→ Exercise brief
Transcribe the records that follow. Keep every word exactly, and drop the pictures.

(Saved data entries)
Segment Open

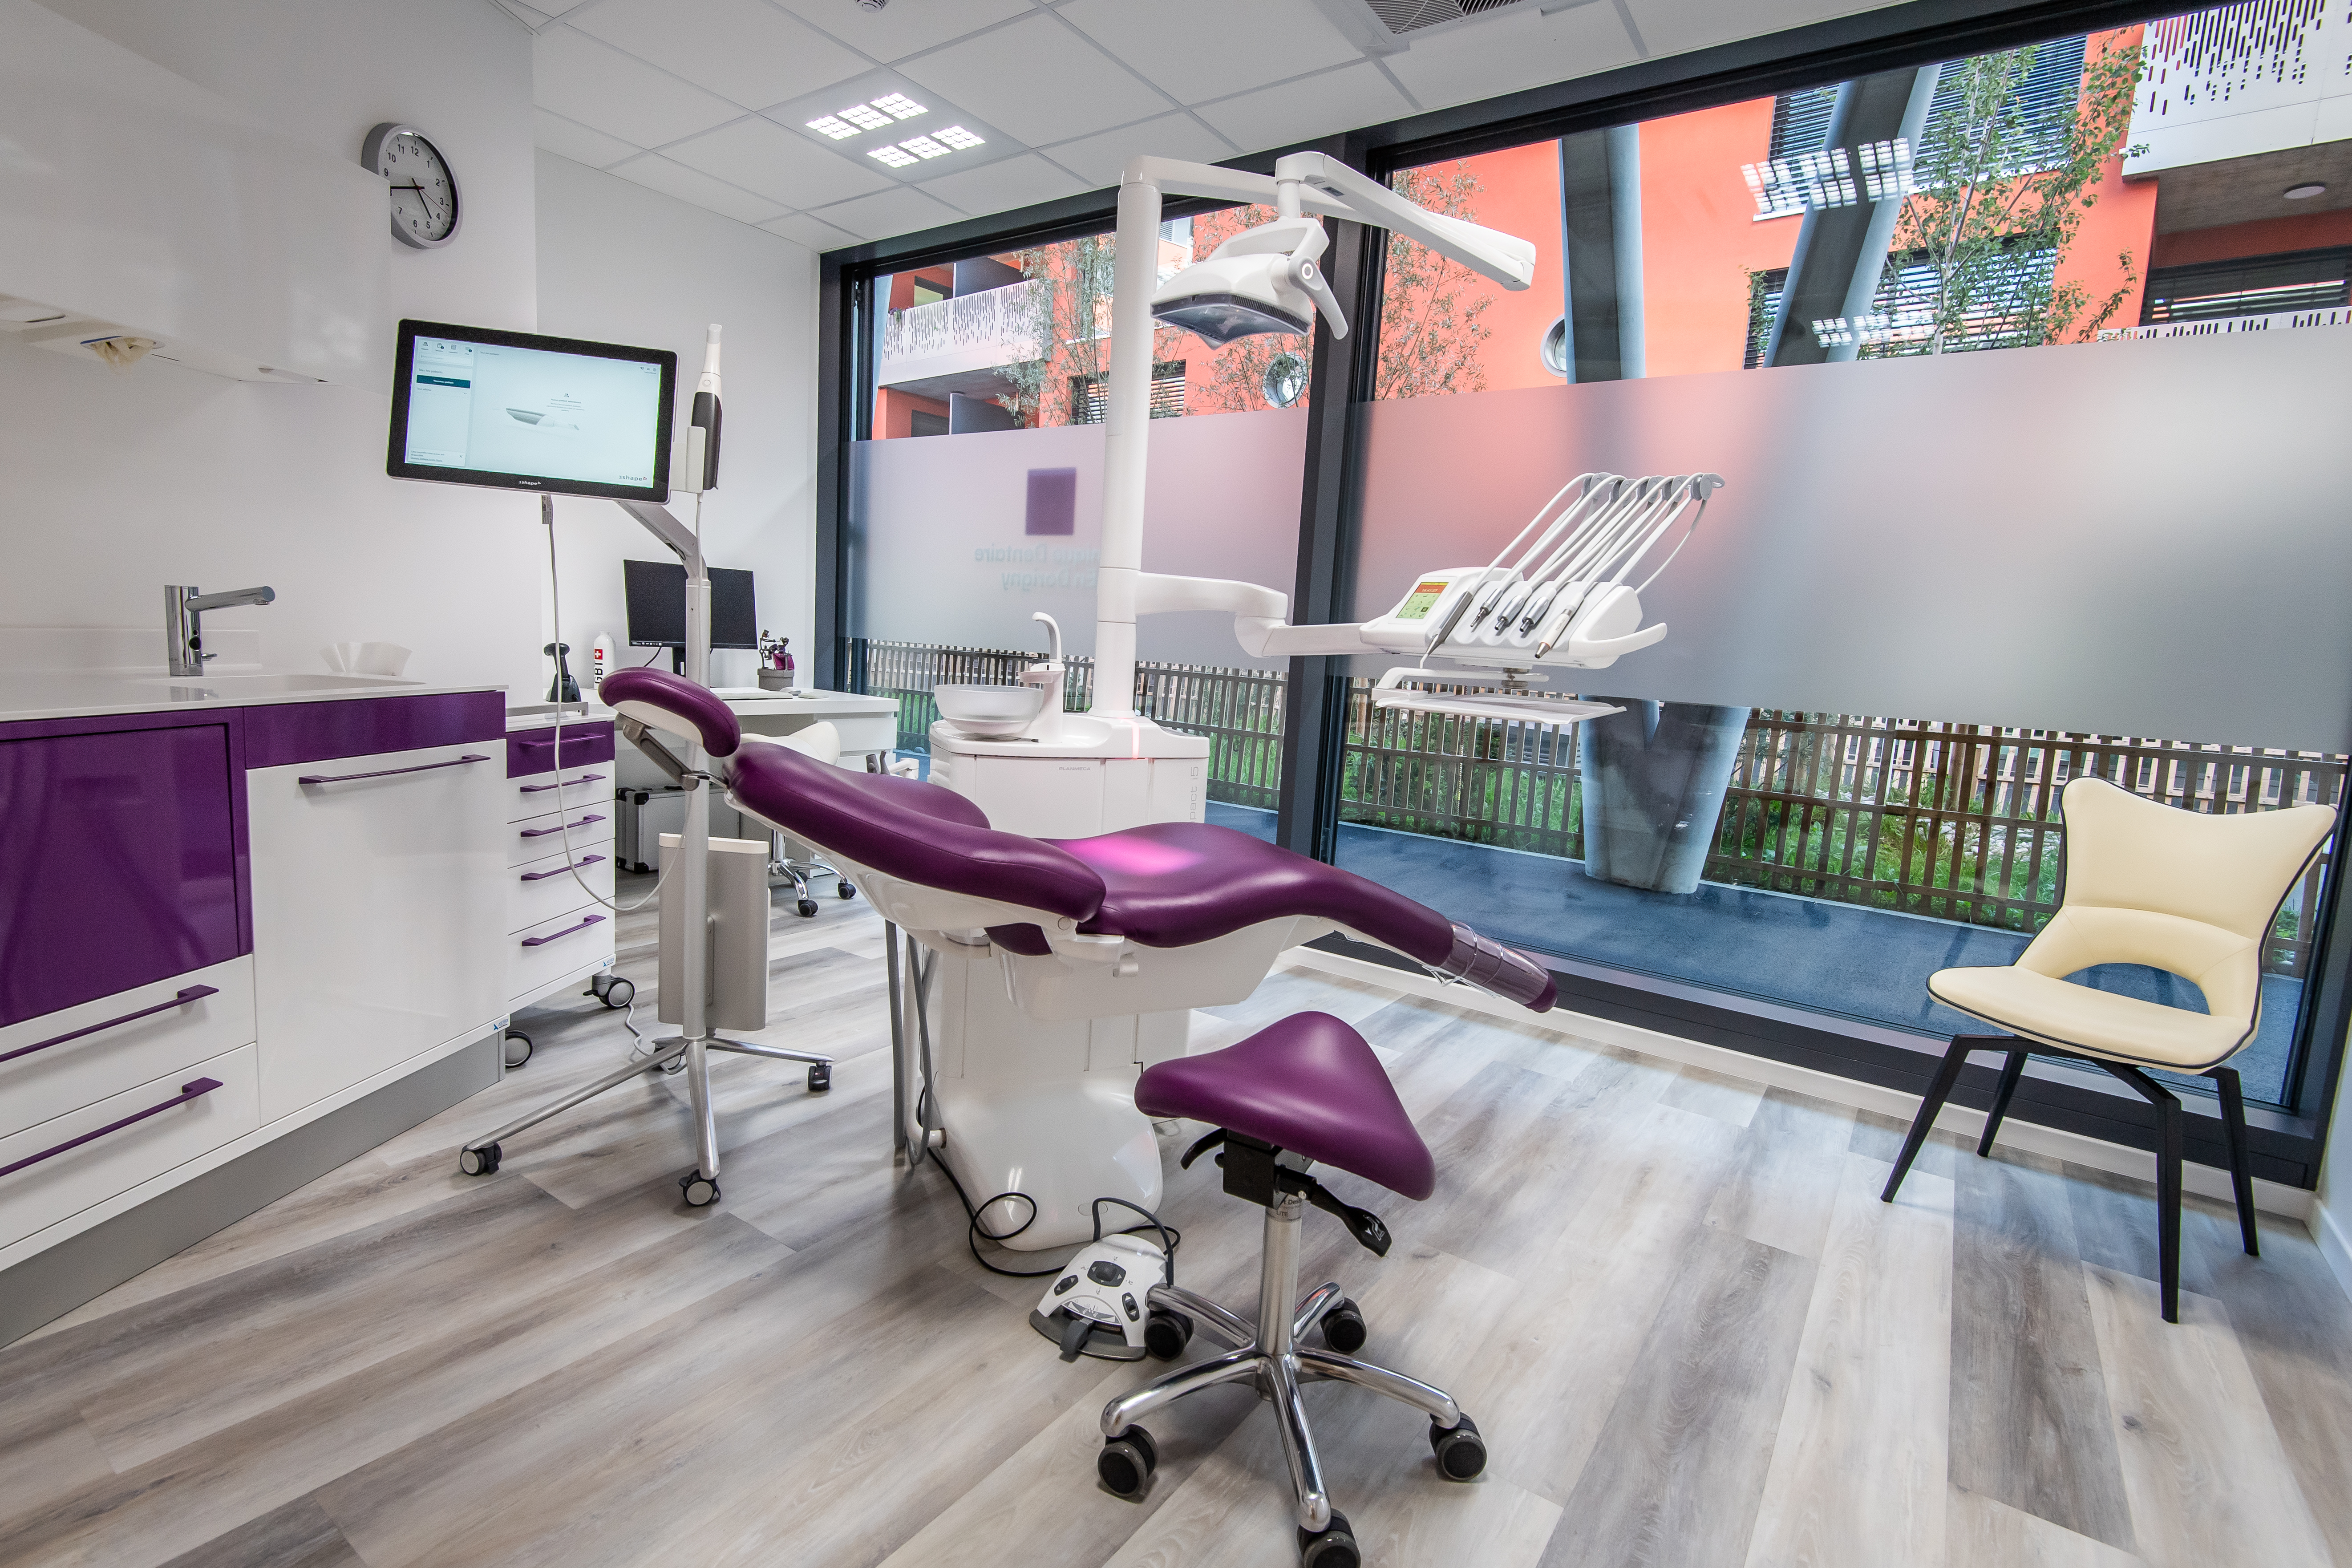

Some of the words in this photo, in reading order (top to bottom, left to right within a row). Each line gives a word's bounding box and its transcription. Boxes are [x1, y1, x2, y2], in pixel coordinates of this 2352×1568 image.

[397, 144, 405, 154] 11
[411, 146, 419, 157] 12
[388, 152, 396, 163] 10
[384, 168, 389, 177] 9
[436, 178, 441, 186] 2
[440, 197, 444, 205] 3
[398, 207, 403, 215] 7
[413, 219, 417, 228] 6
[426, 221, 431, 229] 5
[594, 660, 603, 684] GBT
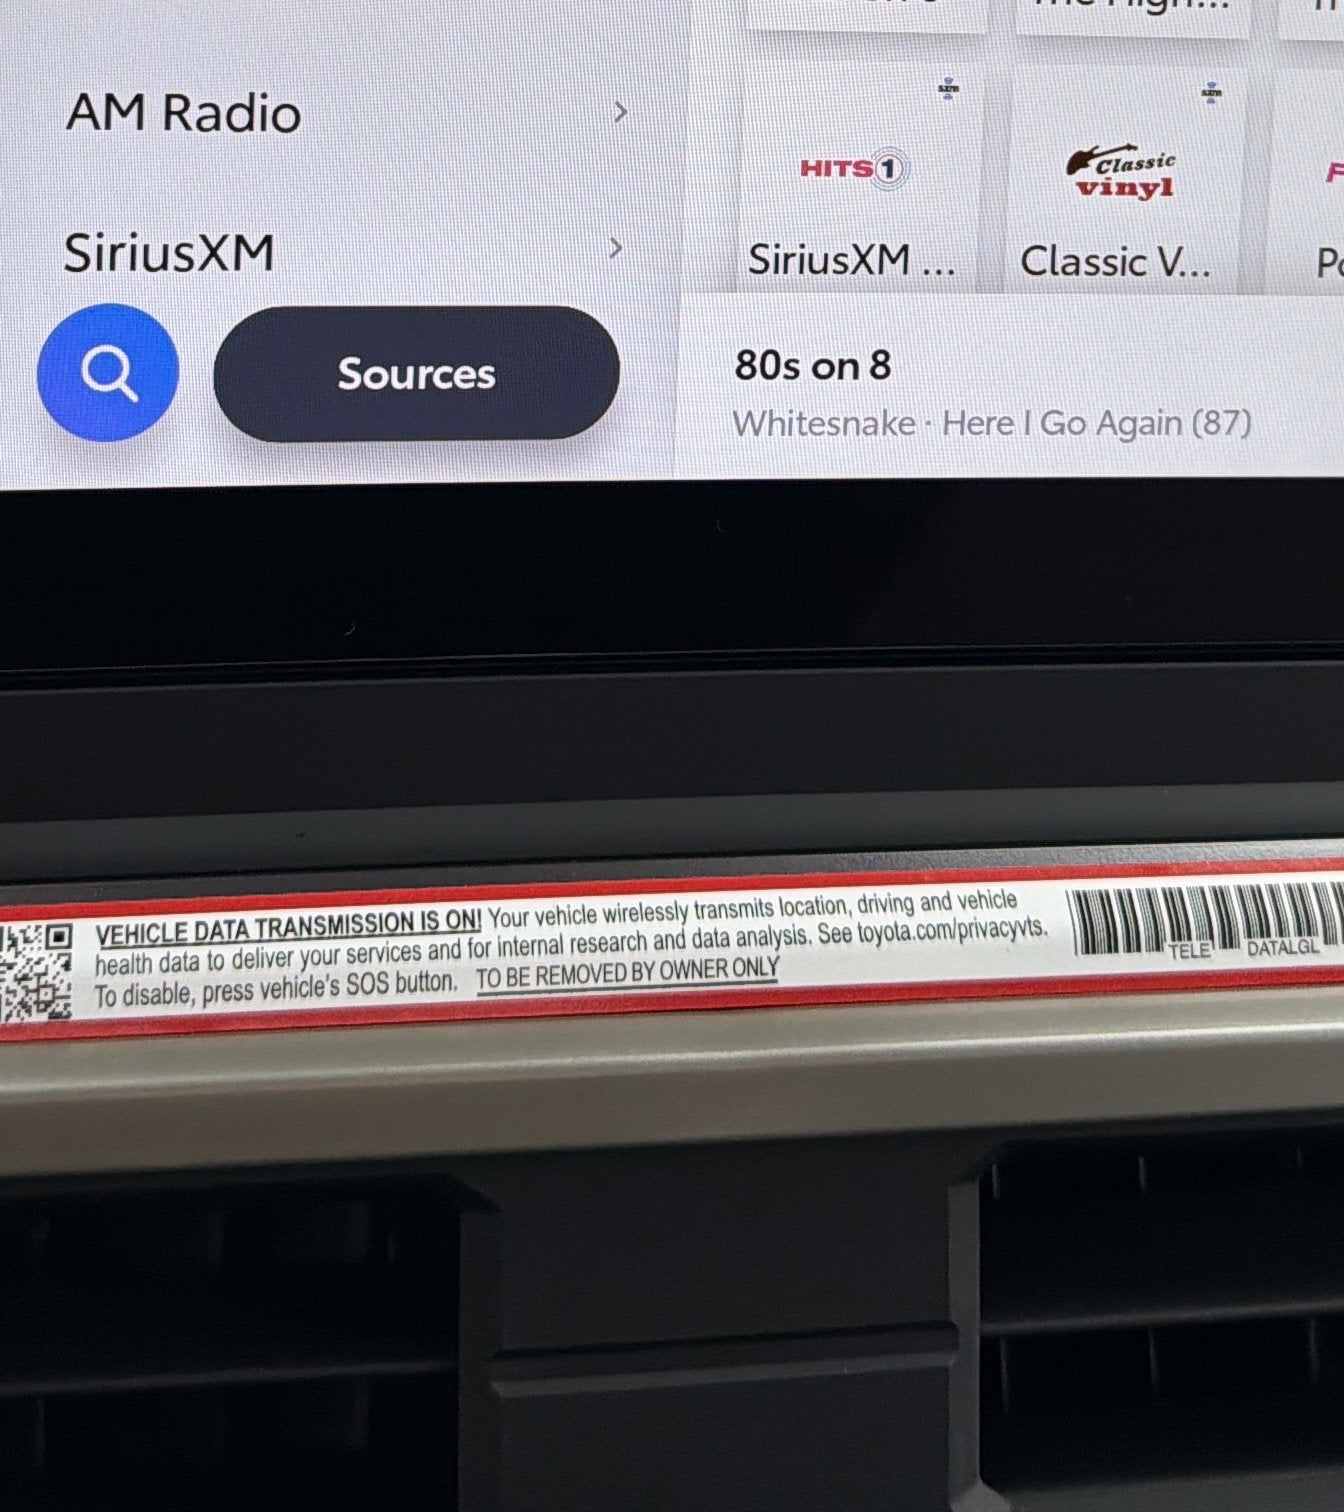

Segment Closed

→ Task result
Some of the words in this photo, in reading order (top to bottom, left to right within a row). Each line gives a word's bounding box and its transcription. Boxes are [x1, y1, x2, y2], in pixel coordinates of this 2352×1568 image.

[397, 144, 405, 154] 11
[411, 146, 419, 157] 12
[388, 152, 396, 163] 10
[384, 168, 389, 177] 9
[436, 178, 441, 186] 2
[440, 197, 444, 205] 3
[398, 207, 403, 215] 7
[413, 219, 417, 228] 6
[426, 221, 431, 229] 5
[594, 660, 603, 684] GBT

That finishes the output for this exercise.